Telomere Dysfunction in Pediatric Patients with Differences/Disorders of Sexual Development

Biomedicines 2024, 12(3), 565; https://doi.org/10.3390/biomedicines12030565
by Haifaou Younoussa 1,2, Macoura Gadji 2,*, Mamadou Soumboundou 3, Bruno Colicchio 4, Ahmed Said 1, Ndeye Aby Ndoye 5, Steffen Junker 6, Andreas Plesch 7, Leonhard Heidingsfelder 7, Ndeye Rama Diagne 3, Alain Dieterlen 4, Philippe Voisin 1, Patrice Carde 8, Eric Jeandidier 9 and Radhia M’kacher 1,*
Reviewer 1: Anonymous
Reviewer 2: Anonymous
Biomedicines 2024, 12(3), 565; https://doi.org/10.3390/biomedicines12030565
Submission received: 25 December 2023 / Revised: 20 February 2024 / Accepted: 27 February 2024 / Published: 2 March 2024
(This article belongs to the Special Issue Telomere Biology in Human Health, Aging and Diseases)

Round 1

Reviewer 1 Report

Comments and Suggestions for Authors

I would like to thank the authors for giving me the opportunity to review their interesting manuscript. This report details a cohort of children with DSDs and the results of examining their cytogenetic features. Overall, I found the manuscript interesting though I had a number of comments/suggestions:

- My first comment is rather simple but, the authors (I don't think) make it clear from the beginning why they decided to conduct telomere studies. It appears that the original aim was to characterize the cytogenetics of patients and then after noting telomere abnormalities, the decision was made to go back and do telomere studies on the entire cohort. It would perhaps be good to provide a better framework of the aims of the study in the Abstract and Introduction. 

Introduction:

- I would suggest using the official definition as the current language in the manuscript ("disruption of chromosomal, gonadal and anatomical sex harmony completeness and balance") does not seem appropriate. 

- Line 56, what do the authors mean when they say some DSDs are "better managed"?

- There is no framework given for the different type of DSDs (ie: XX DSD, XY DSD, sex chromosome abnormalities, etc.). Without this, it is somewhat difficult to follow the rest of the introduction

- Paragraph 2: This discussion on the risks for tumors is hard to understand (eg: what are "type II germline cancers") and I think attempts to condense a lot of information into a short paragraph. I gather the authors are trying to make a connection between the risk for cancers and chromosome/telomere instability though but I think these paragraphs (2, 3, 4) can be better structured to get this point across. 

 

Materials and Methods:

- For the section titled "pediatric patients", what was the exact inclusion criteria - ie: how was a disorder of sexual differential defined? The authors mention including patients with "pubertal delay" which is not usually included in this category. 

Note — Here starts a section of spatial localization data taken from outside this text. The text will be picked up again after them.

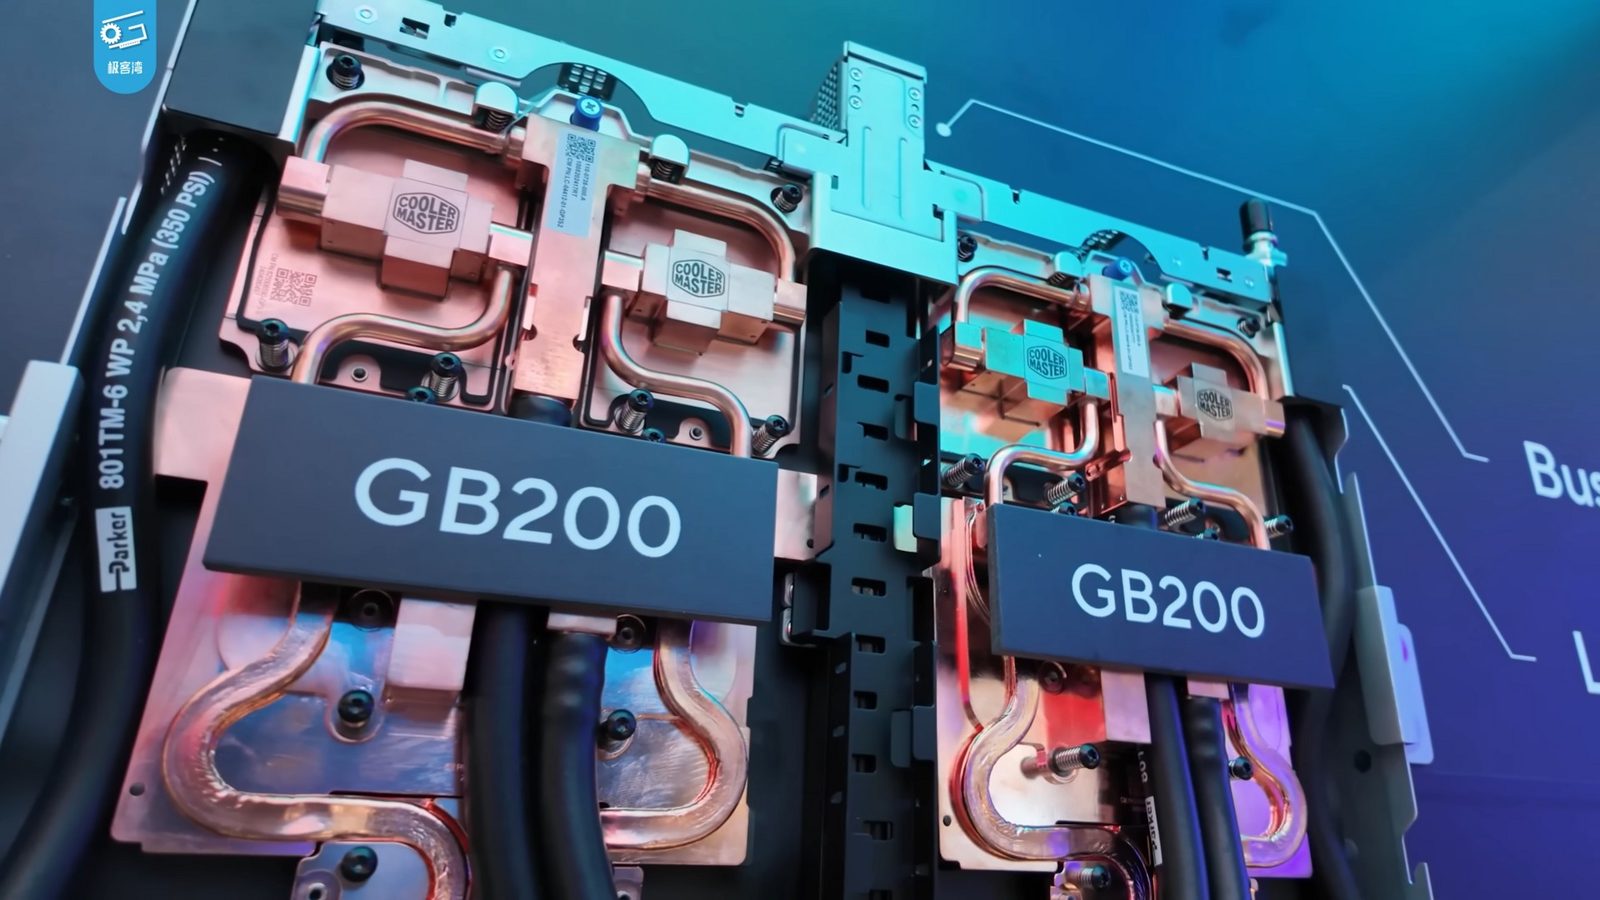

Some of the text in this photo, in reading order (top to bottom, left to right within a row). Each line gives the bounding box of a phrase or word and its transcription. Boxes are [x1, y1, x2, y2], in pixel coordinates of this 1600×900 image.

[175, 171, 215, 208] PSI)
[396, 207, 454, 231] MASTER
[399, 196, 456, 219] COOLER
[151, 208, 191, 249] (350
[129, 252, 170, 296] MPa
[675, 262, 722, 283] COOLER
[675, 274, 722, 294] MASTER
[117, 300, 148, 334] 2,4
[105, 338, 135, 377] WP
[1030, 348, 1064, 366] COOLER
[1030, 359, 1065, 377] MASTER
[1199, 391, 1230, 406] COOLER
[1199, 401, 1231, 417] MASTER
[355, 457, 681, 558] GB200
[106, 511, 130, 588] Parker
[1072, 563, 1265, 638] GB200

- In addition to this, the authors later break down the "sex" of patients but how was this defined? Was this the sex assigned at birth or the sex the parents/patients chose to use?

- Page 4, Lines 164-166: Should this paragraph be in the next section (title "Staining of telomere and centromere sequences")

 

Results:

- Worryingly, 12 patients are listed who had "non-defined pathologies" - what does this mean exactly? Without knowing these patients' features (either phenotypic or cytogenetic), it is hard to justify why they were even included in the study. 

- I would strongly recommend moving the the table summarizing the clinical and cytogenetic characteristics into the main manuscript and expanding the column titled "reason for consultation" to add more details - having simple DSD is not adequate. 

- I don't see the utility in including Figures 1A, 1B and 1C or Figure 1 for that matter. In addition, why do the authors think karyotype did not identify mosaic Kleinfelter syndrome in patient YH009? 

- The authors appear to have identified a number of chromosomal aberrations however none of these are given in the standard ISCN nomenclature. These should all be given in the correct format (eg: loss of a long arm of chromosome 15 would be something like 46,xx,del(15)(q10q26))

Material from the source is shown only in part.